* ACTION ITEM:
Apart from the images, output the data below exactly.

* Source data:

--*--

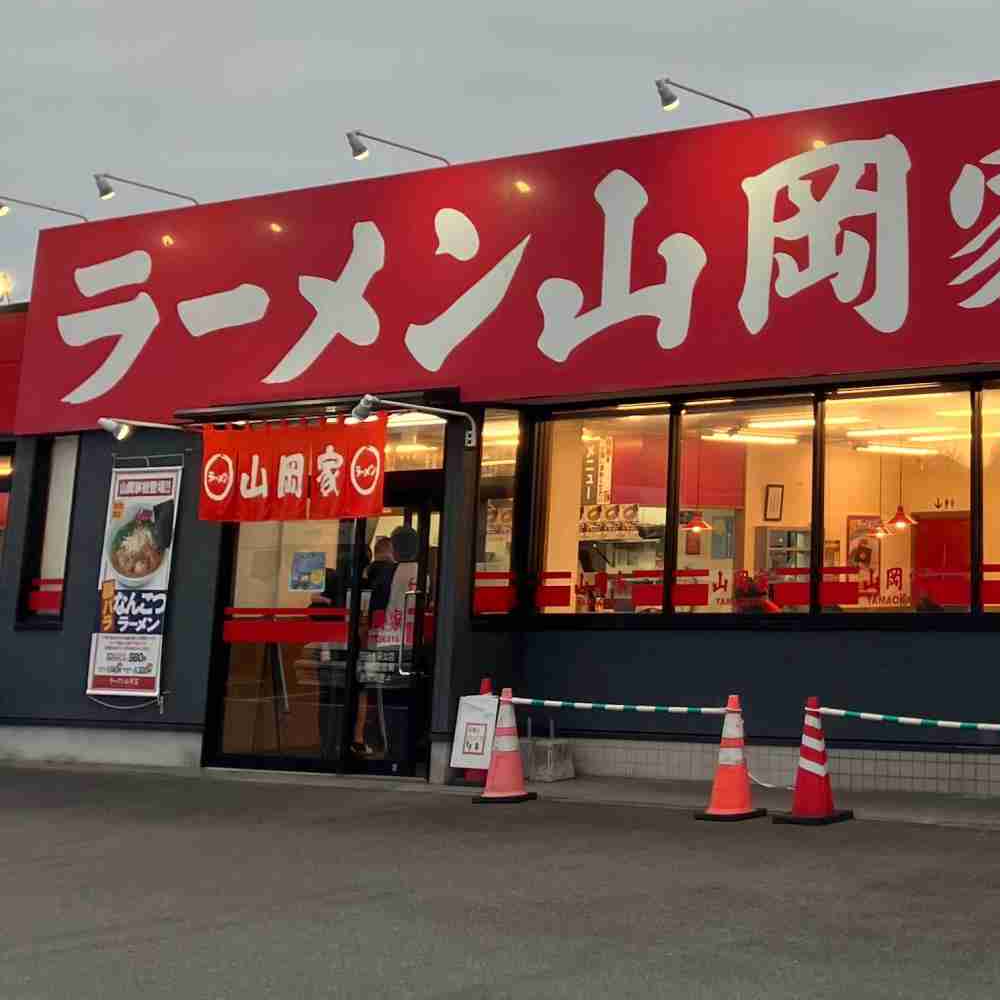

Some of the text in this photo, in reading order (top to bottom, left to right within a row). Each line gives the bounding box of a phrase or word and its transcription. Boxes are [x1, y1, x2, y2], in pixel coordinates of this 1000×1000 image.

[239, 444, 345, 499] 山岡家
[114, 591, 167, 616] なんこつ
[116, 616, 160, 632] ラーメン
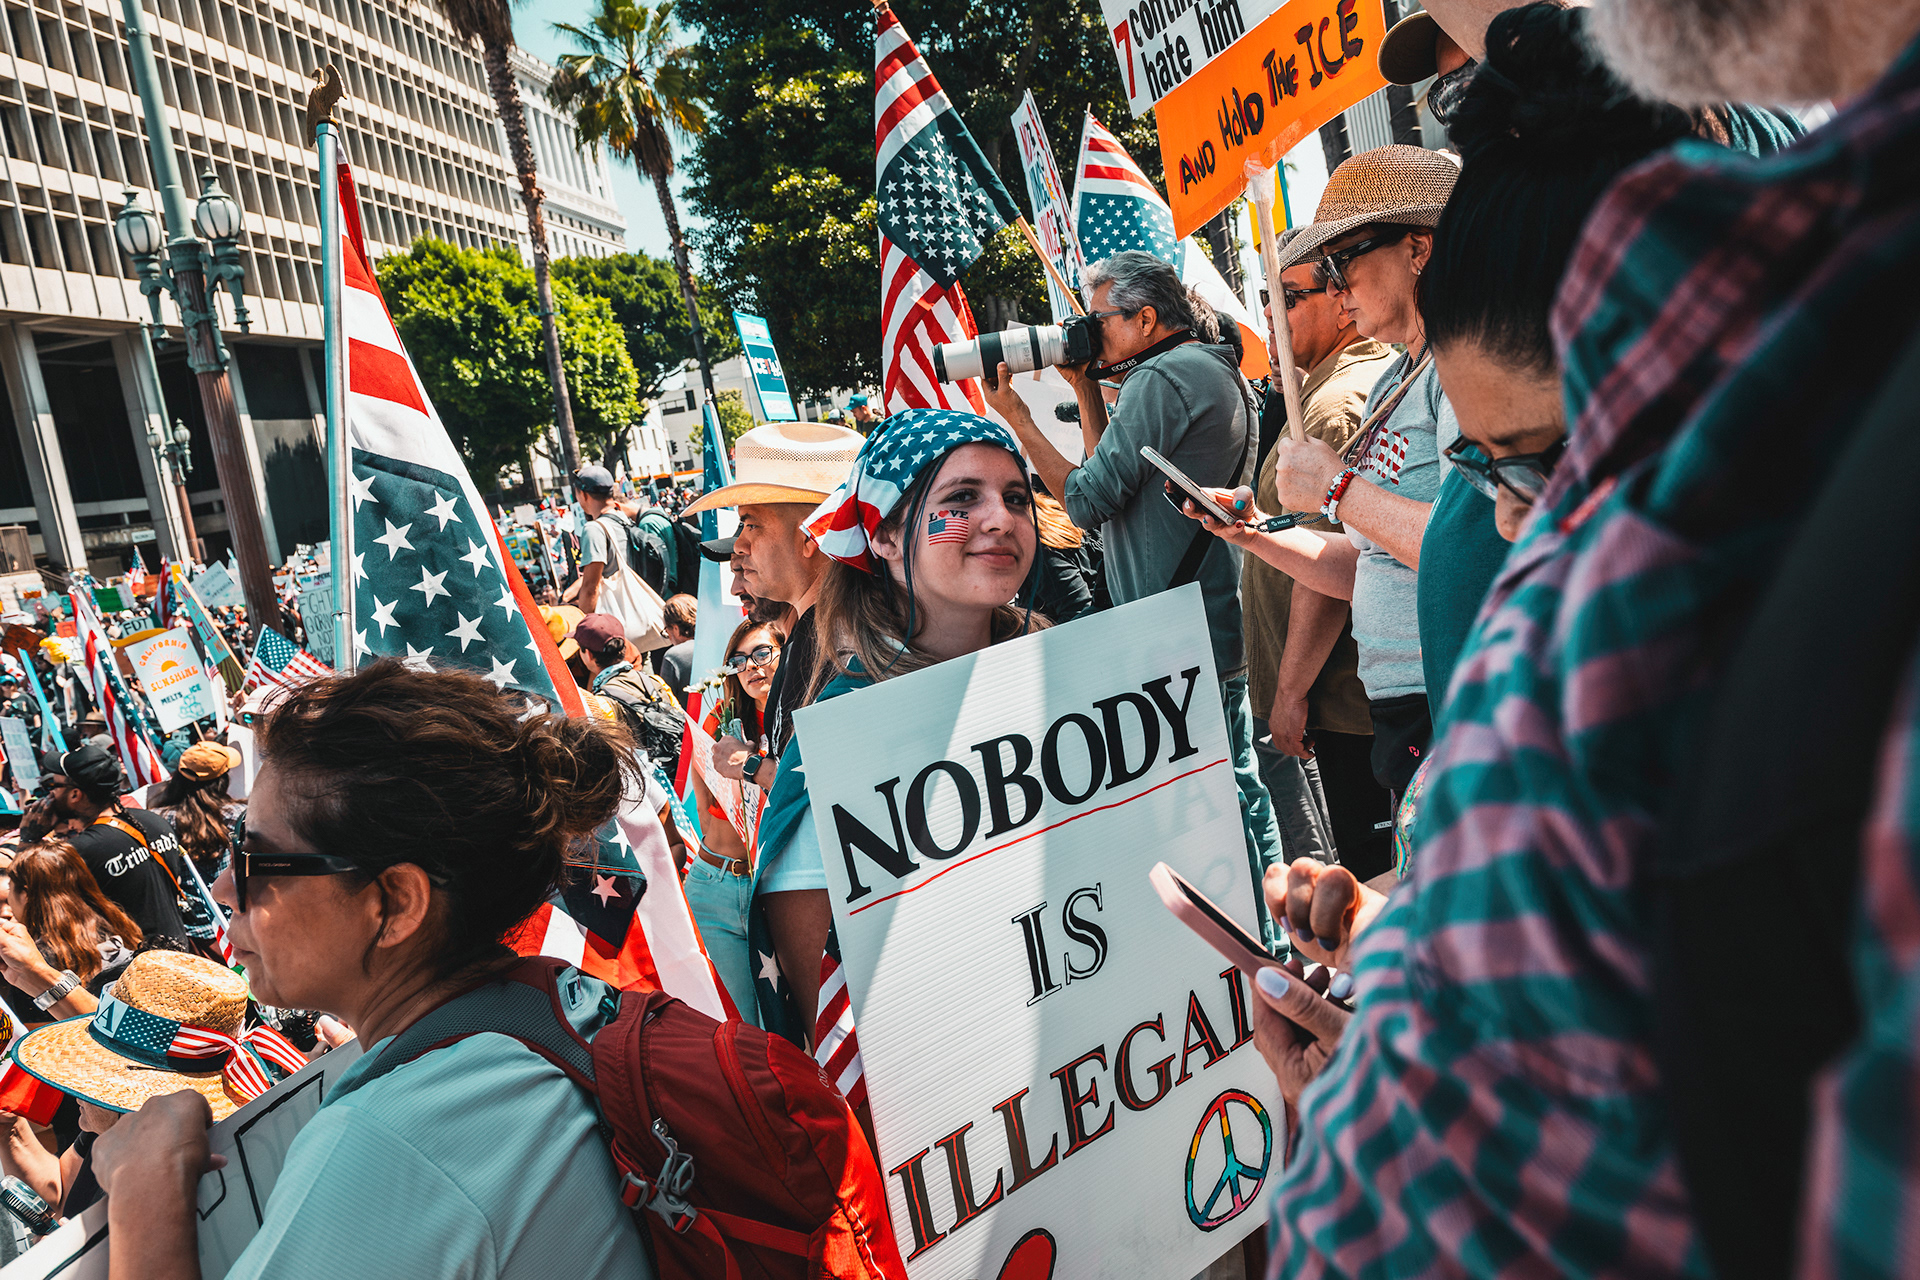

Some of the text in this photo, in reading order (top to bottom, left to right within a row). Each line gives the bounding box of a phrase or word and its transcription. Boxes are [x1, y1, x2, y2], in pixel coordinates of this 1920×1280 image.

--*--

* REPLY:
Some of the text in this photo, in reading order (top to bottom, left to right within a row). Each line gives the bounding box of a phrase or word and its transcription. Boxes are [x1, y1, x2, y2], in pixel coordinates of this 1000×1000 image.

[239, 444, 345, 499] 山岡家
[114, 591, 167, 616] なんこつ
[116, 616, 160, 632] ラーメン

Some of the text in this photo, in reading order (top to bottom, left to right within a row). Each line gives the bounding box of a phrase or word and its transcription. Boxes are [x1, y1, x2, y2], in pixel coordinates of this 1920×1280 image.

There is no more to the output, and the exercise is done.